Интересны наблюдения Шаламова о причинах эпатажного и нередко грубого поведения Маяковского на вечерах в Политехническом музее. Публика здесь разделялась на галерку (студентов) и первые ряды, которые занимали обычно его недруги. «Это была чужая, враждебная аудитория, состоящая из нэпманов, которую поэт должен был подавить, укротить, оскорбить, оглушить своим басом, — писал Шаламов. — Это была коммерческая аудитория, где Маяковский выступал за деньги, аккуратно внося в свою финансовую декларацию все заработки. Организаторы этих вечеров не были склонны к благотворительности».
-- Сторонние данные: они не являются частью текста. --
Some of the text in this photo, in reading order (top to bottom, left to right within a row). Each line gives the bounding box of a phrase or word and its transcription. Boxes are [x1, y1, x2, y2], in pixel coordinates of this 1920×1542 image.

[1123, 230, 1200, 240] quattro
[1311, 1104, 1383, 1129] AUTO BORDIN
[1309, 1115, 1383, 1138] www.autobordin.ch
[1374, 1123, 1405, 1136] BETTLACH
Восхищение Шаламова Маяковским всегда сопровождалось недоумениями по поводу нигилистического отношения поэта к классике, «борьбы» с Пушкиным и Блоком. В воспоминаниях «Двадцатые годы» он писал: «Мне кажется, Маяковский был жертвой своих собственных литературных теорий, честно, но узко понятой задачи служения современности». В этом он видел одну из причин его самоубийства. Но, зная о предсмертной записке — «любовная лодка разбилась о быт», и зная о сложностях личной жизни поэта, о его увлеченности в этот период В. Полонской, он сделал в конце концов вывод, что самоубийство произошло прежде всего из-за того, что «Маяковский преувеличивал прямо патологически отношение к женщине как таковой, не мог ухаживать, не вкладывая всю душу в женский вопрос, где всю душу вкладывать не надо» (последняя фраза характерна для позднего, послеколымского Шаламова, который гораздо менее эмоционально воспринимал разрывы с женщинами).
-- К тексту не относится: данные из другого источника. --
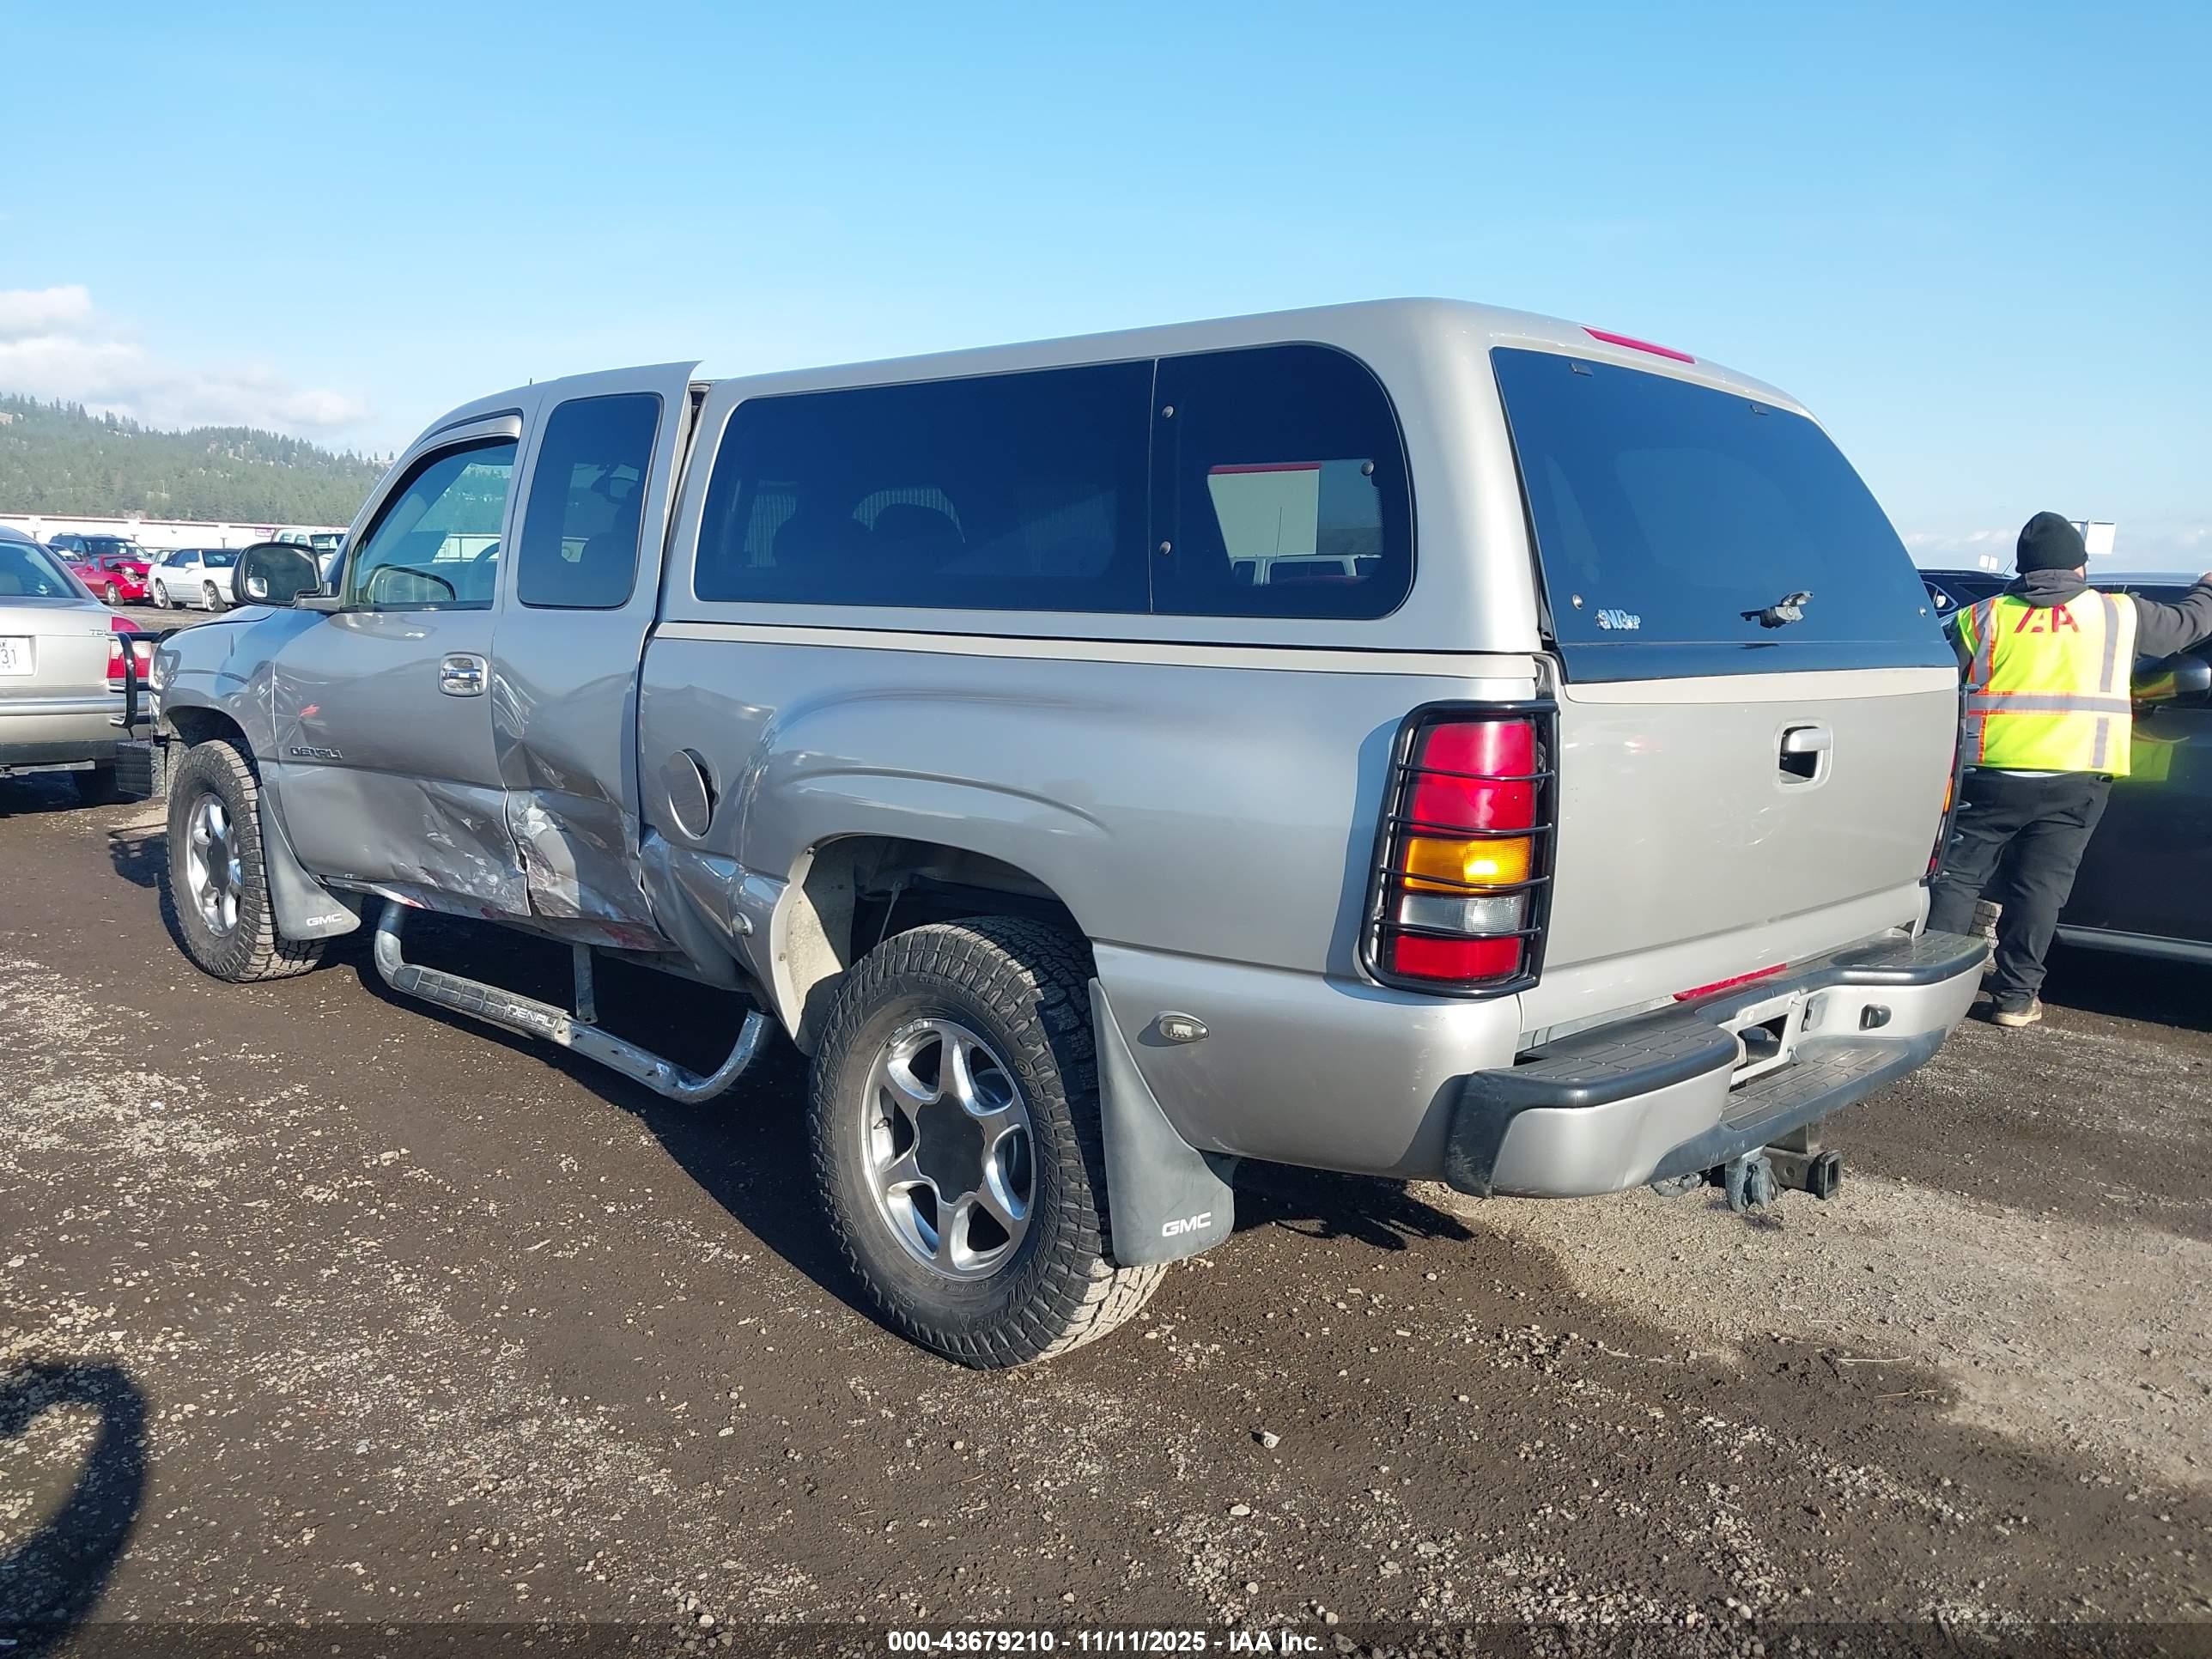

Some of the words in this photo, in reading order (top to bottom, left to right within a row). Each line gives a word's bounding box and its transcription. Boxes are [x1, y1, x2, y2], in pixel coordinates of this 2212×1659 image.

[306, 913, 343, 927] GMC
[507, 1004, 557, 1029] DENALI
[1162, 1212, 1212, 1237] GMC
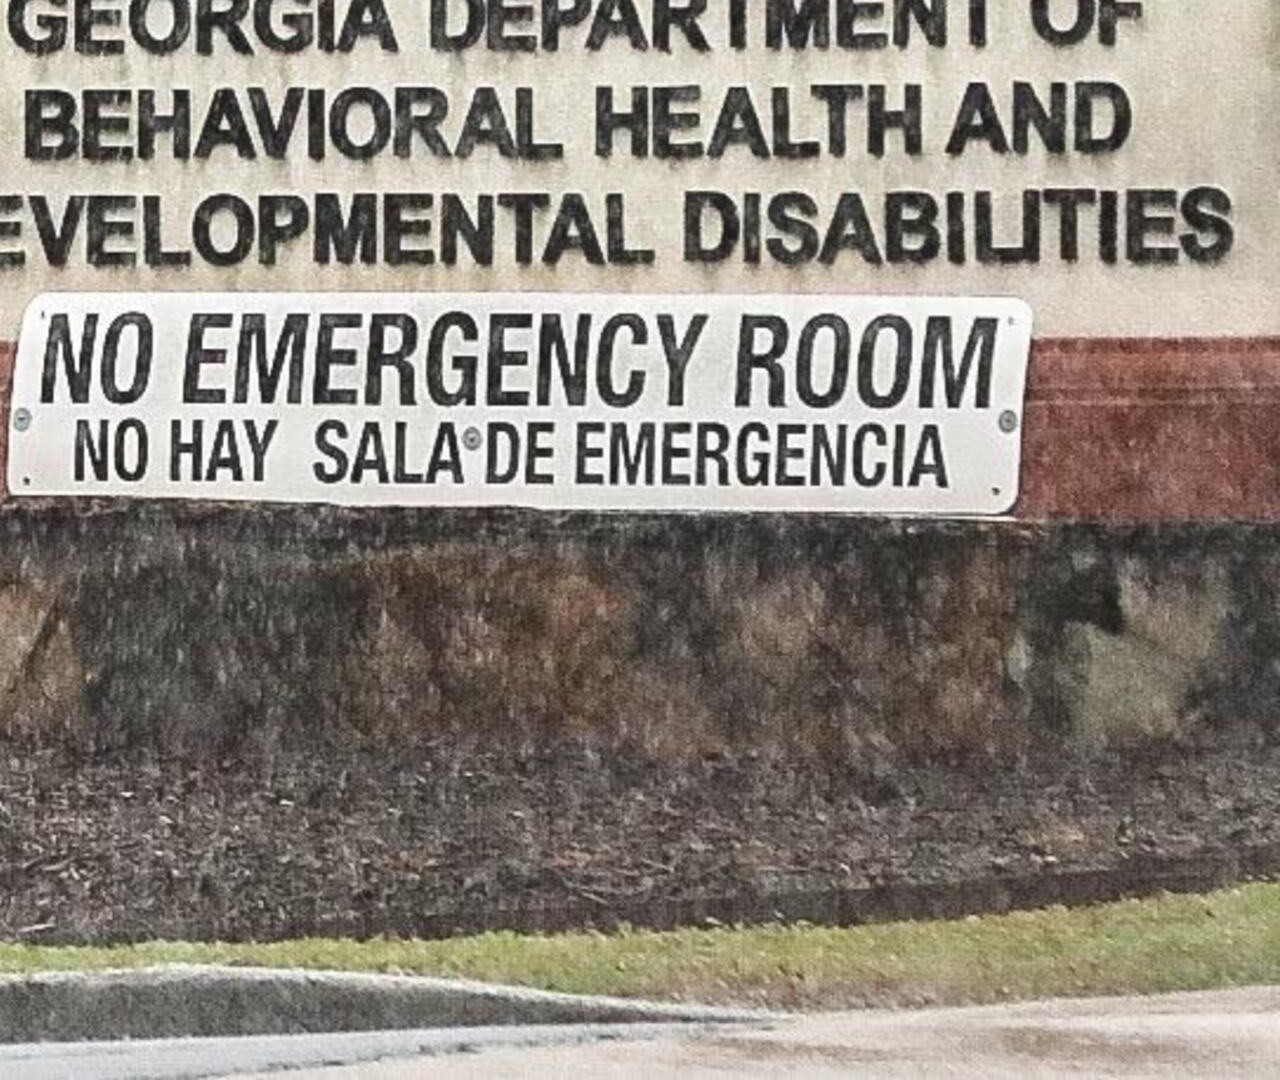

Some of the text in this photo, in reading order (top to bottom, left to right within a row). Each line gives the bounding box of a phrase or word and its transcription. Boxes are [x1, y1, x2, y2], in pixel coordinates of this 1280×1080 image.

Маяковскому и ЛЕФу Шаламов считал себя обязанным очень многим. Формула «поэзия — судьба, а не ремесло» для него не значила отрицание «ремесла», то есть мастерства — наоборот, на первых порах он потратил огромные усилия на изучение, в том числе теоретическое, секретов техники искусства. Наивные представления о том, что стихи создаются «нутром», интуицией, простым подбором рифм, были разбиты при первом же знакомстве с манифестами ЛЕФа и сборниками ОПОЯЗа.
Еще в конце 1927 года он начал посещать кружок одного из теоретиков нового, «левого» искусства Осипа Брика. Предыстория этого такова. Шаламов почти каждый вечер просиживал в Ленинской библиотеке (она располагалась в Доме Пашкова). «В те блаженные времена, — вспоминал он, — выписка книг не ограничивалась ни в количестве, ни в продолжительности чтения. В библиотеке был и буфет, не очень богатый, вроде бутербродов с кетой, но в те дни, когда буфет работал, я оставался в библиотеке допоздна. Однажды во время сдачи, а книг была целая гора, — рядом со мной раздался резкий женский голос:
— Вот эти книги, которые нам нужны. Когда вы их сдадите?
— Когда сдам, тогда и сдам.
— Ну все-таки, зачем вам ранний футуризм?
— Затем, — отвечал я вполне логично, — что я интересуюсь ранним футуризмом.
— А не хотите ли прийти на кружок, где изучают вопросы раннего футуризма? Вот, запишите адрес: Гендриков переулок, квартира Маяковского. Маяковский сейчас за границей, а наш кружок ведет Осип Максимович Брик. Запишите: занятия по четвергам, приходите, пожалуйста.
В ближайший четверг я пришел в Гендриков переулок и остановился у двери, на которой были прикреплены одна над другой две одинаковые медные дощечки, верхняя: "Брик", нижняя: "Маяковский"».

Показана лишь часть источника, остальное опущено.